EXERCISE: Pictures aside, quote the whole listing exactly.

....................

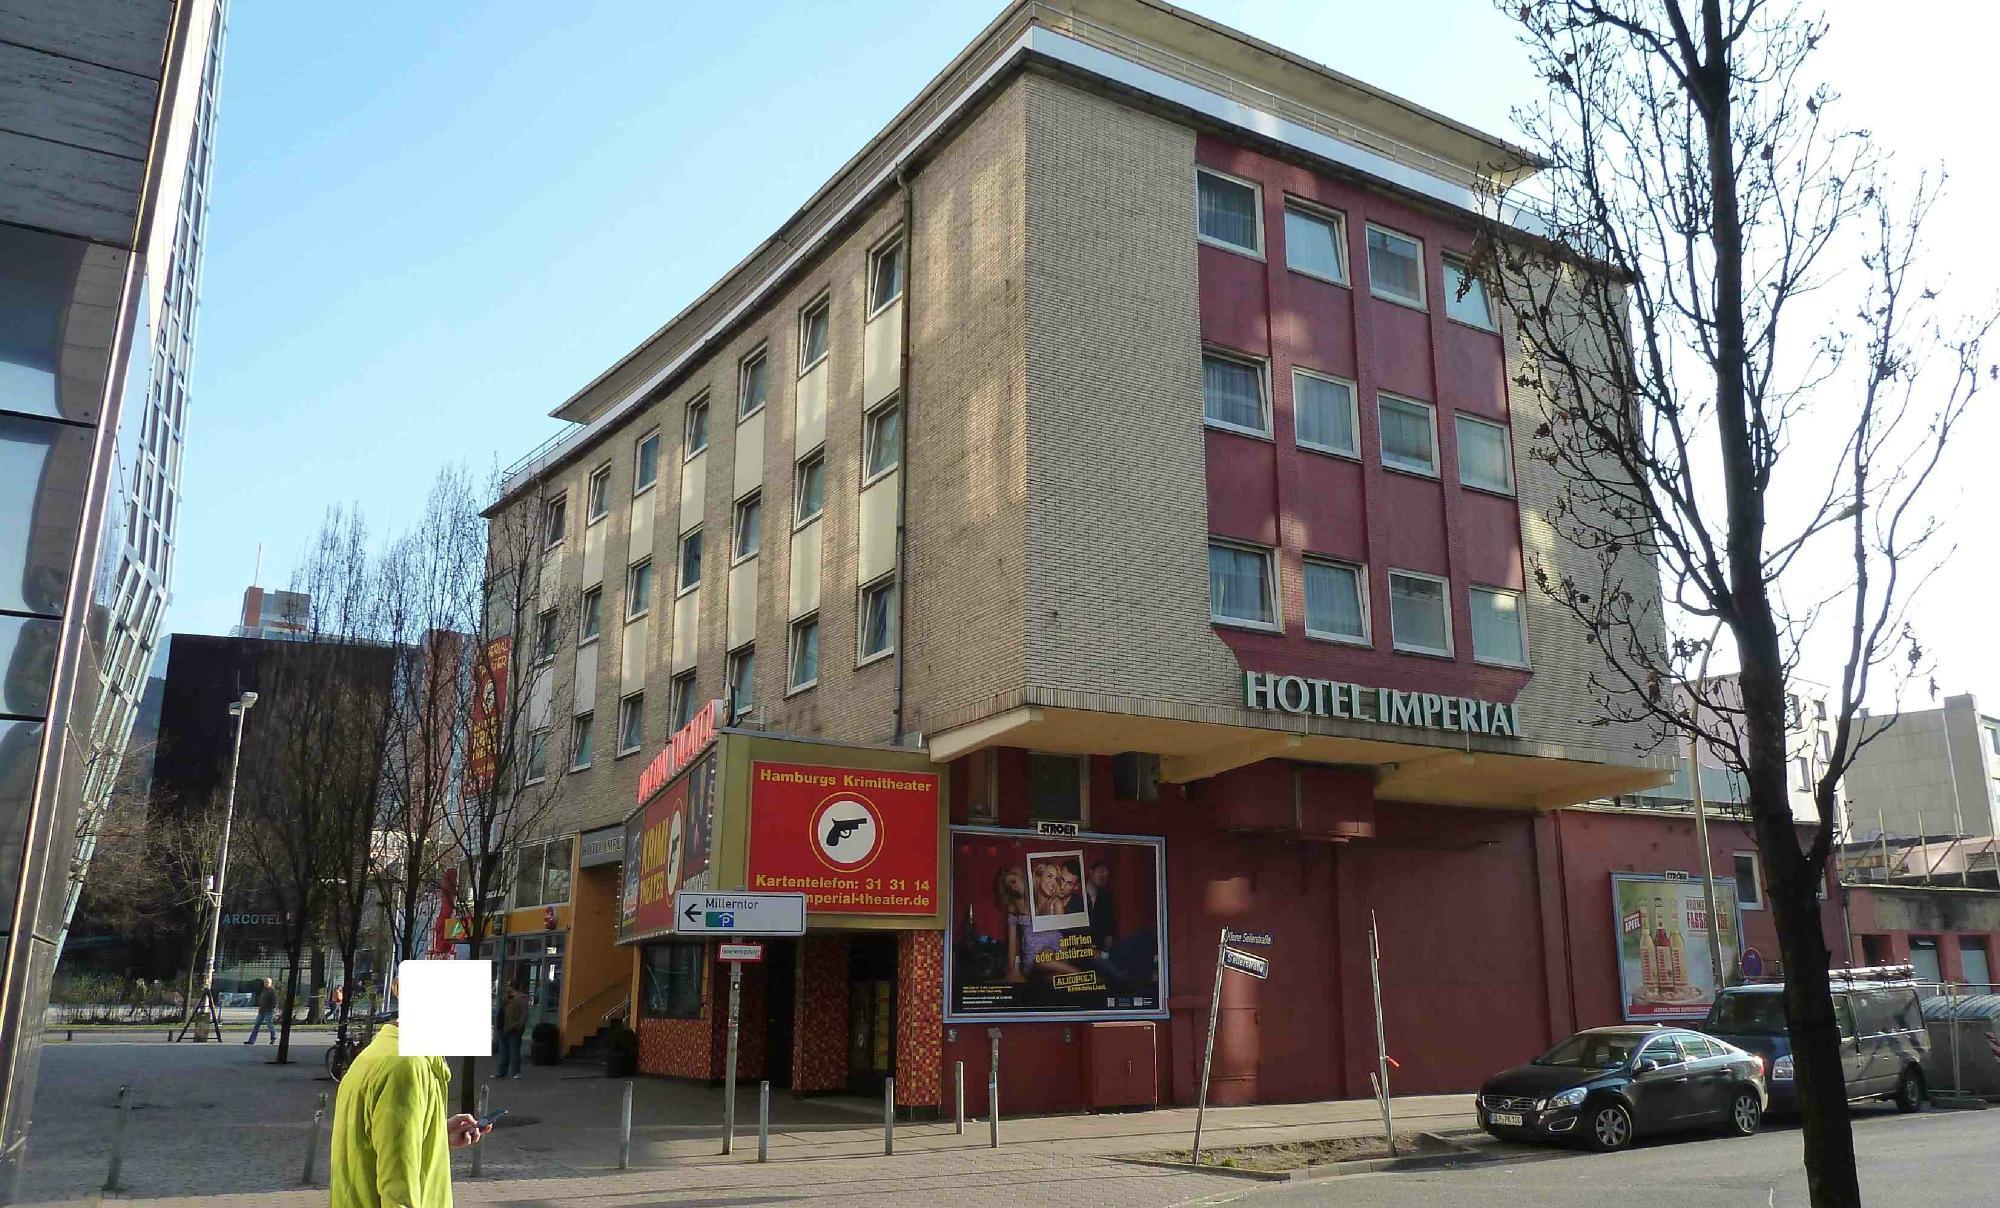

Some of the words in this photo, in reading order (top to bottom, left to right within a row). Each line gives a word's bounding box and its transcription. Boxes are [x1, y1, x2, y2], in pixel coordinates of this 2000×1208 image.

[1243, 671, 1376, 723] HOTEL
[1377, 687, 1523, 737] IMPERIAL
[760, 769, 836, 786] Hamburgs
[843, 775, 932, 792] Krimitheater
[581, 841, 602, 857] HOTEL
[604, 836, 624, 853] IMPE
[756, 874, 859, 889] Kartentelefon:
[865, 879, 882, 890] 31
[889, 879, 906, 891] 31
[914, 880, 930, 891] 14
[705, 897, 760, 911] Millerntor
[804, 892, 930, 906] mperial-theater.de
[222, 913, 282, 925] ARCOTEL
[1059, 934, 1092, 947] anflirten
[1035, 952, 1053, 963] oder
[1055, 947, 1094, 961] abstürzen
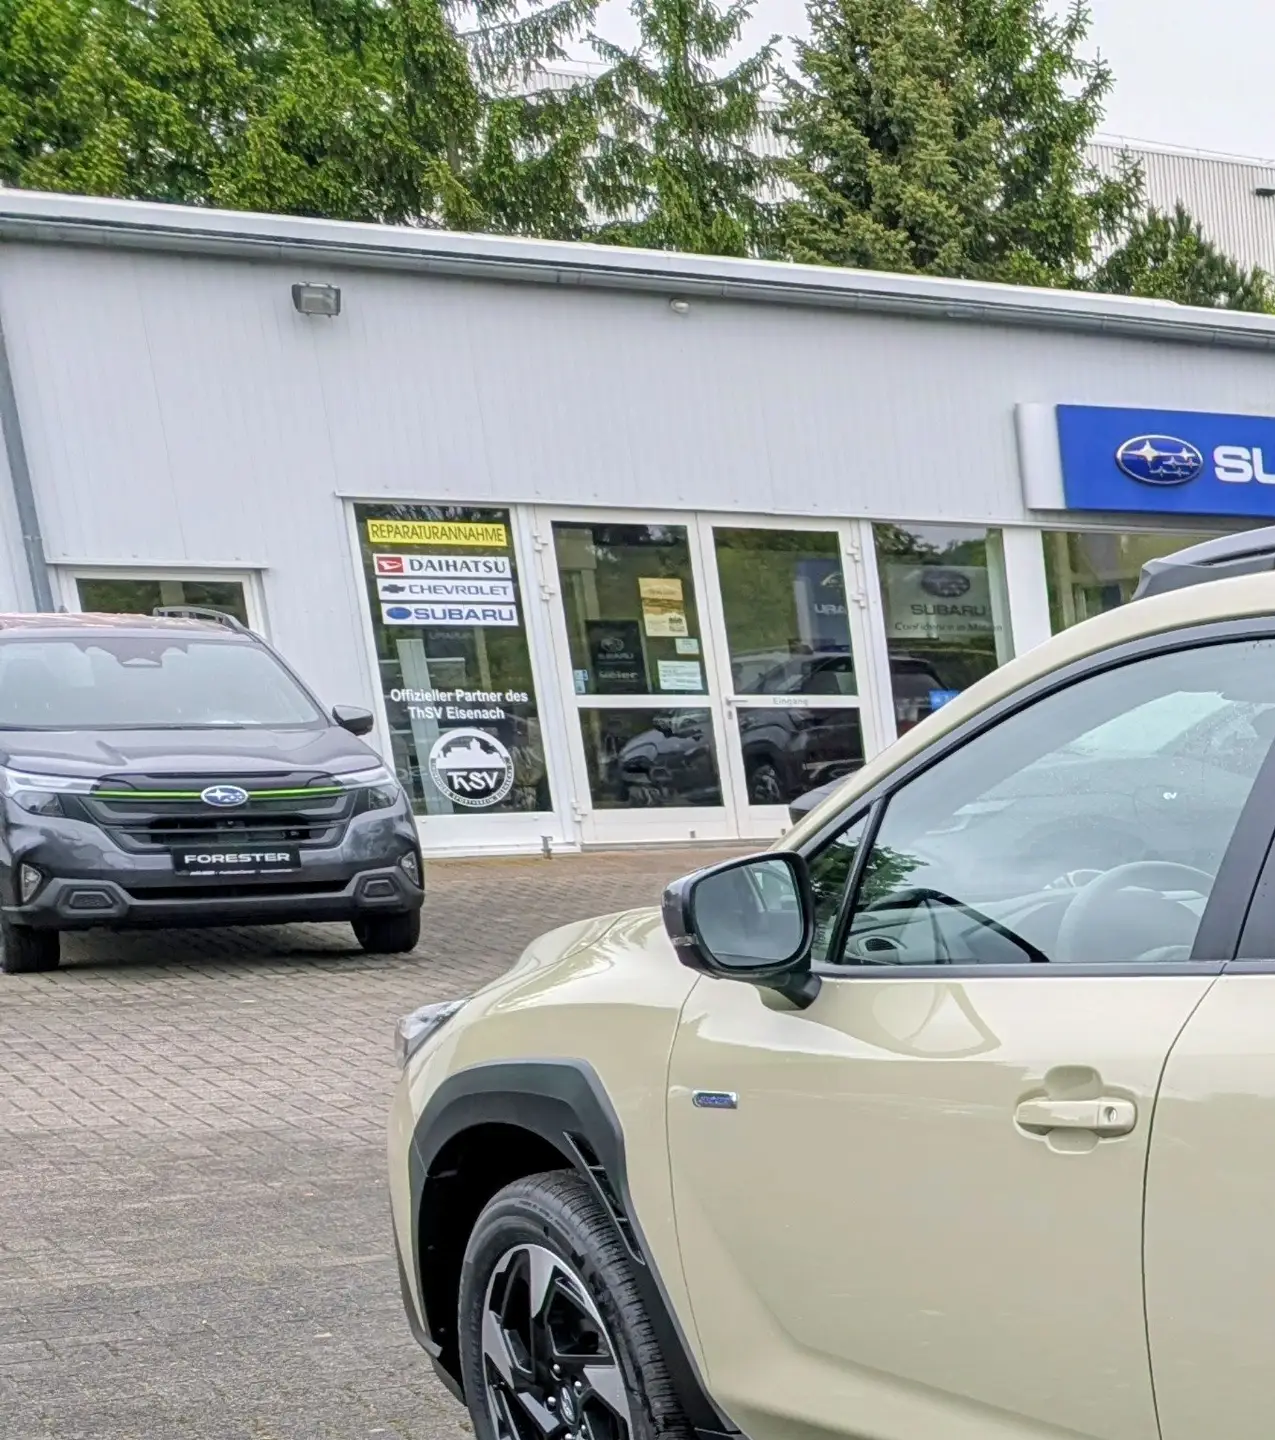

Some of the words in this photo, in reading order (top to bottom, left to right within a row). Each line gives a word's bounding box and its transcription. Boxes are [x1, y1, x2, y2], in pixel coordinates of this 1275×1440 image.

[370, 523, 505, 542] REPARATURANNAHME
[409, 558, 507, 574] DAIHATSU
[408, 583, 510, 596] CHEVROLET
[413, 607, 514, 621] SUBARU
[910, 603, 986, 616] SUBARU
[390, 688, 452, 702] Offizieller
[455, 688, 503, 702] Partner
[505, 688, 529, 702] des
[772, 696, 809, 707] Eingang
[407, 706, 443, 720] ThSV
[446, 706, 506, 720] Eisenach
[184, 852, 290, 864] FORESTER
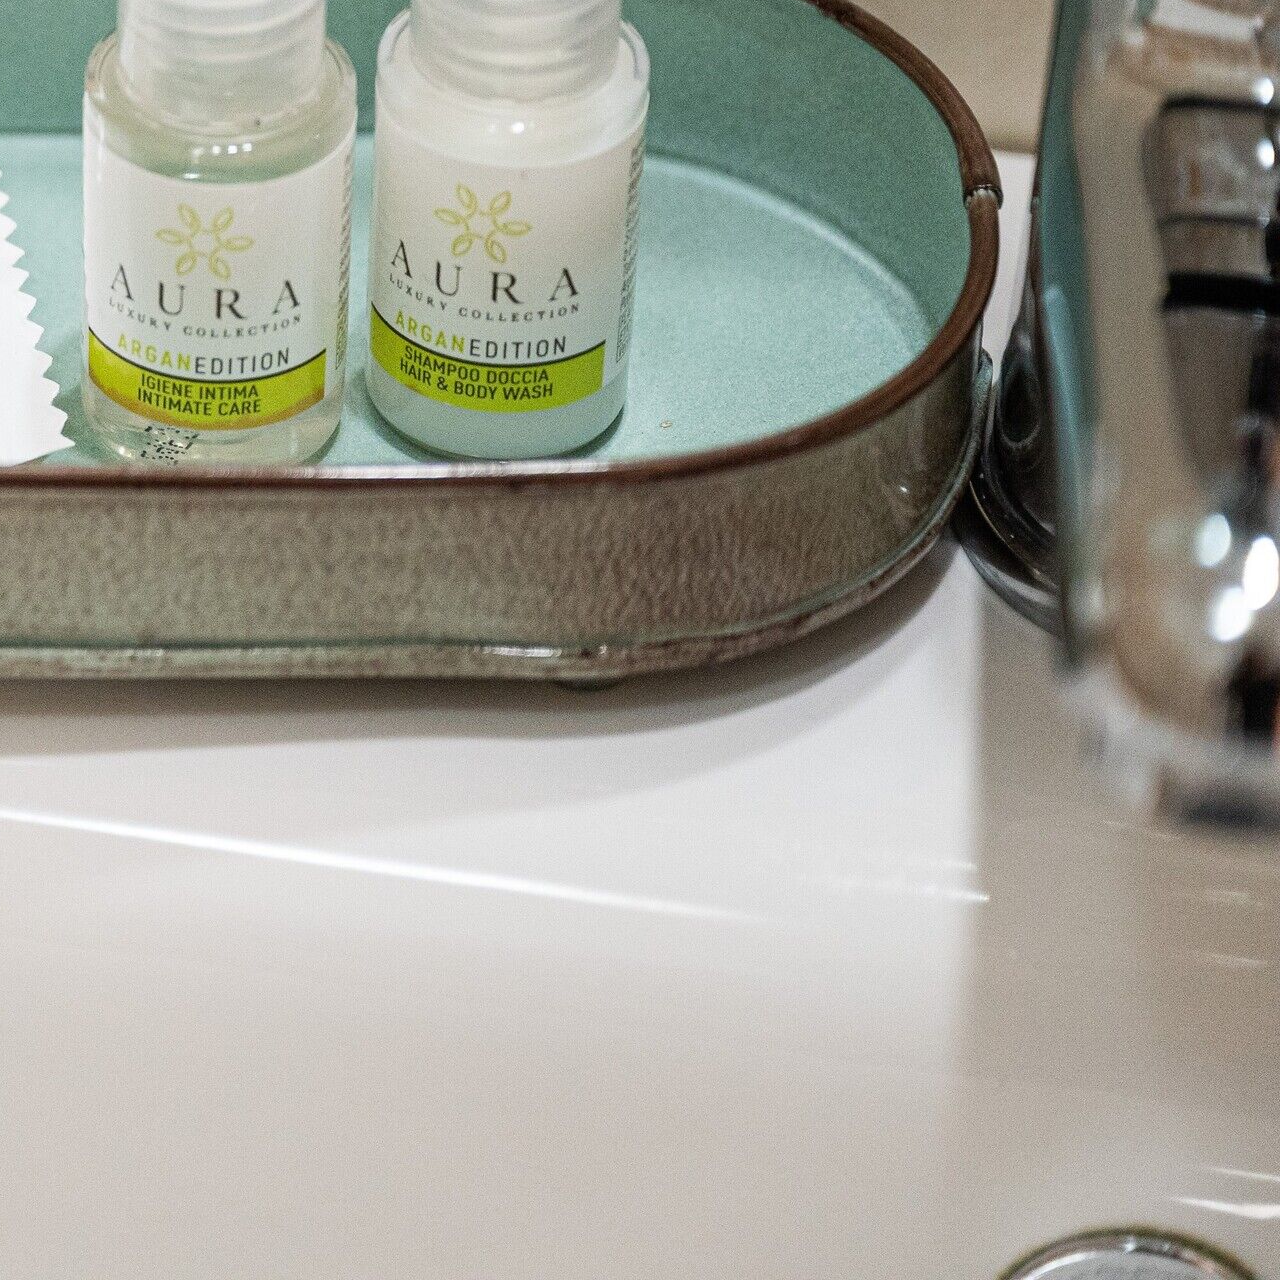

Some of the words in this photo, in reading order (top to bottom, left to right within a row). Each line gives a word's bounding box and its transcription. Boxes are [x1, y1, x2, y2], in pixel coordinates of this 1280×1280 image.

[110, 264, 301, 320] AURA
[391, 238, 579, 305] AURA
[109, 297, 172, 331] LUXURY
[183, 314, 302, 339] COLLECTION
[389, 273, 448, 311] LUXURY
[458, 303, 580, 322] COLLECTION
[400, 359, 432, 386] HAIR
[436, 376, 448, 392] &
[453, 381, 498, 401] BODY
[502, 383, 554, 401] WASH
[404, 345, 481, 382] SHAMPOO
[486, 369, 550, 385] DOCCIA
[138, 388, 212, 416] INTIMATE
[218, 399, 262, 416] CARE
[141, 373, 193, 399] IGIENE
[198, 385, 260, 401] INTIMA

....................

ANSWER TO THIS TASK:
Some of the words in this photo, in reading order (top to bottom, left to right within a row). Each line gives a word's bounding box and its transcription. Boxes are [x1, y1, x2, y2], in pixel coordinates of this 2000×1208 image.

[1243, 671, 1376, 723] HOTEL
[1377, 687, 1523, 737] IMPERIAL
[760, 769, 836, 786] Hamburgs
[843, 775, 932, 792] Krimitheater
[581, 841, 602, 857] HOTEL
[604, 836, 624, 853] IMPE
[756, 874, 859, 889] Kartentelefon:
[865, 879, 882, 890] 31
[889, 879, 906, 891] 31
[914, 880, 930, 891] 14
[705, 897, 760, 911] Millerntor
[804, 892, 930, 906] mperial-theater.de
[222, 913, 282, 925] ARCOTEL
[1059, 934, 1092, 947] anflirten
[1035, 952, 1053, 963] oder
[1055, 947, 1094, 961] abstürzen

Some of the words in this photo, in reading order (top to bottom, left to right within a row). Each line gives a word's bounding box and its transcription. Boxes are [x1, y1, x2, y2], in pixel coordinates of this 1275×1440 image.

[370, 523, 505, 542] REPARATURANNAHME
[409, 558, 507, 574] DAIHATSU
[408, 583, 510, 596] CHEVROLET
[413, 607, 514, 621] SUBARU
[910, 603, 986, 616] SUBARU
[390, 688, 452, 702] Offizieller
[455, 688, 503, 702] Partner
[505, 688, 529, 702] des
[772, 696, 809, 707] Eingang
[407, 706, 443, 720] ThSV
[446, 706, 506, 720] Eisenach
[184, 852, 290, 864] FORESTER

Some of the words in this photo, in reading order (top to bottom, left to right within a row). Each line gives a word's bounding box and its transcription. Boxes are [x1, y1, x2, y2], in pixel coordinates of this 1280×1280 image.

[110, 264, 301, 320] AURA
[391, 238, 579, 305] AURA
[109, 297, 172, 331] LUXURY
[183, 314, 302, 339] COLLECTION
[389, 273, 448, 311] LUXURY
[458, 303, 580, 322] COLLECTION
[400, 359, 432, 386] HAIR
[436, 376, 448, 392] &
[453, 381, 498, 401] BODY
[502, 383, 554, 401] WASH
[404, 345, 481, 382] SHAMPOO
[486, 369, 550, 385] DOCCIA
[138, 388, 212, 416] INTIMATE
[218, 399, 262, 416] CARE
[141, 373, 193, 399] IGIENE
[198, 385, 260, 401] INTIMA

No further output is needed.